Doing all the right things doesn't mean squat if you treat your fellow human being with contempt. We all need to remember that most of us think we're doing the right thing, and want to do the right thing, even when we're not.
This sermon is quite a bit different from how it was written, therefore, please listen to the sermon rather than read it. The sermon notes which are included for convenience.
Sermon delivered at Lutheran Church of the Cross in Berkeley.
October 30 - Reformation Sunday
"Saints and Sinners". Text is from John 8:31-36
Happy Reformation Sunday to you, brothers and sisters, children of God, people of LCC and beloved guests. Saints and sinners, each and every one of you.
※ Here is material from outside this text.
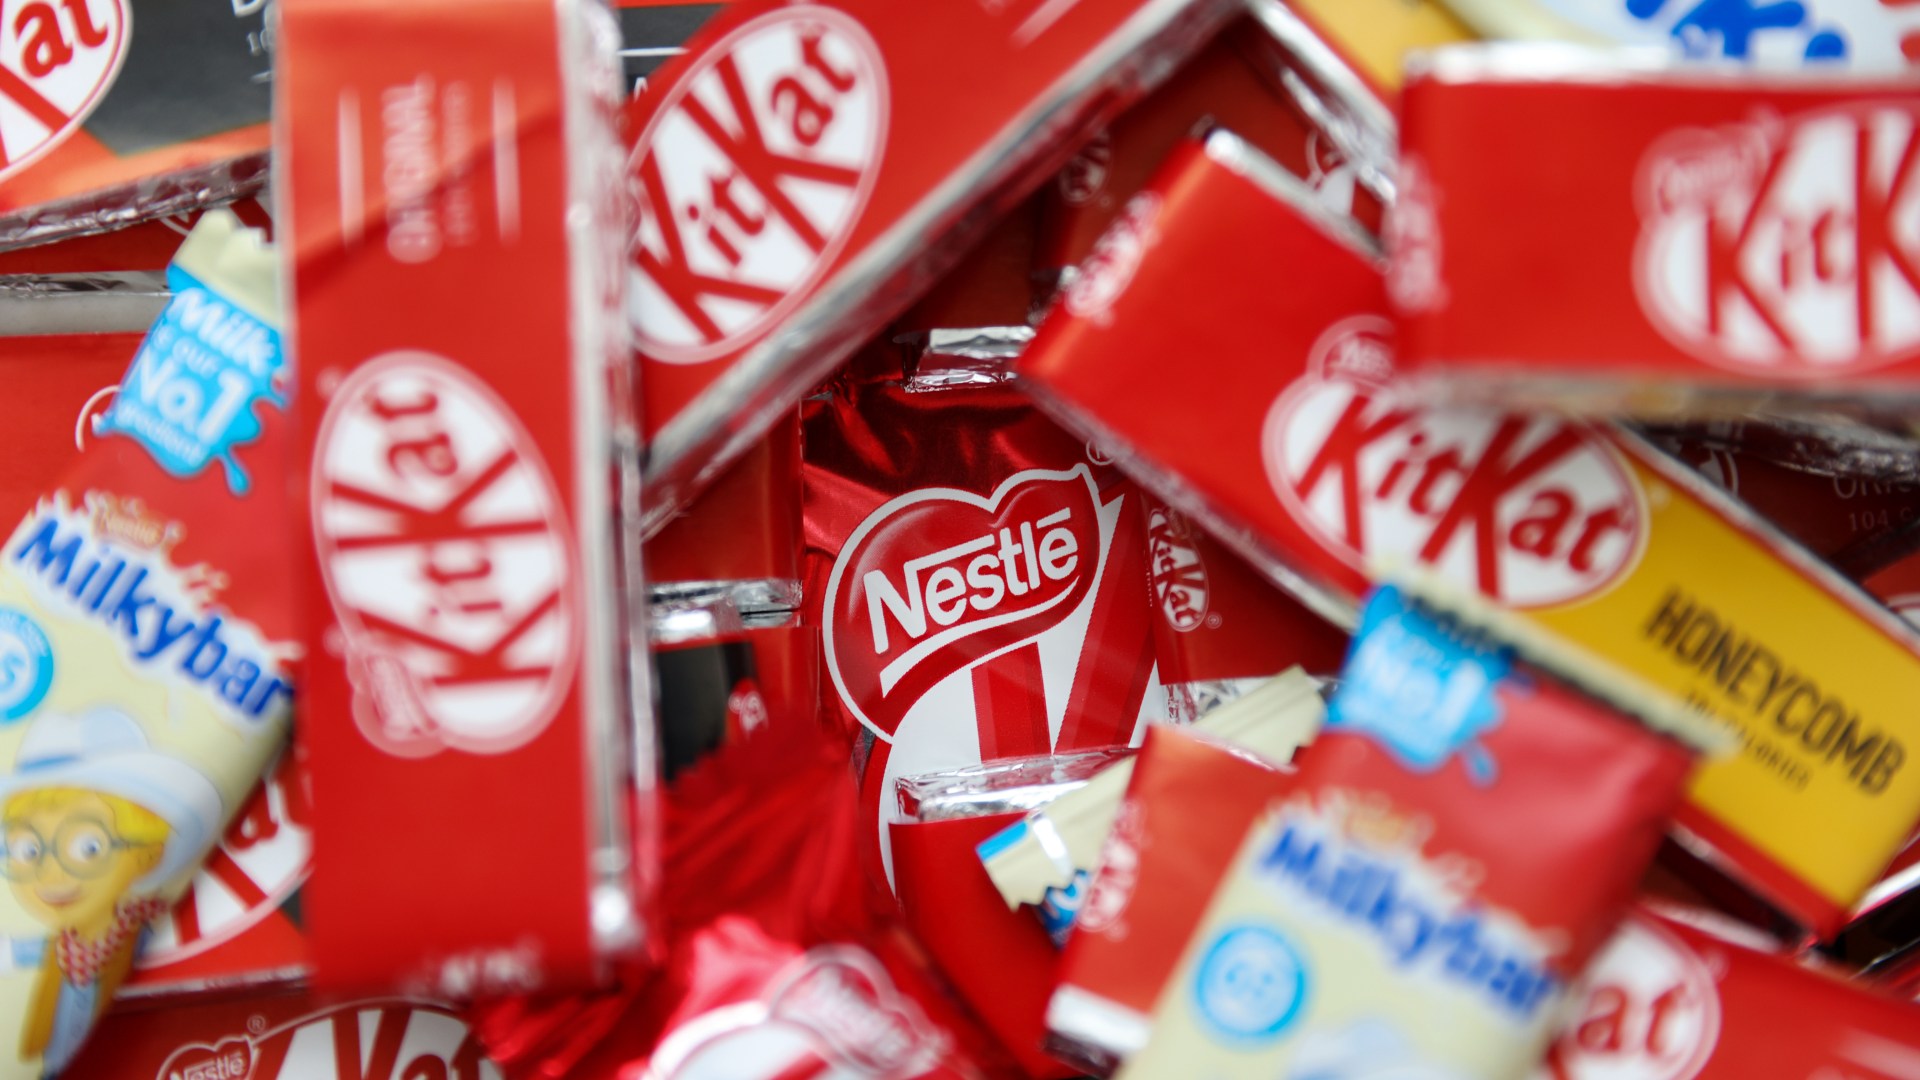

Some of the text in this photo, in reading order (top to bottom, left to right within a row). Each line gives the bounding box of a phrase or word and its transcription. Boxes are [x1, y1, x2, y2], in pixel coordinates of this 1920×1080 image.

And I say that last, on Reformation Sunday there, deep at the heart of the Reformation, where we get our understanding of understanding of us being simultaneously saints and sinners, or simul justus et peccator. Because being human means we are bound to sin. Living means we are bound to sin. And although we strive to perfection, to being perfect human beings, there is no way we can be completely free from sin in our day to day lives. All of us.
And yet, we are also simultaneously saints, because Christ has freed us from the bondage of sins. The wages of sin are death. Our escape from that fate is Christ. And we are made sanctified by his blood, and become simultaneously saints even in our constant imperfection. We, in our sinful state are made perfect human beings by the blood of the lamb and become worthy to be in God's kingdom.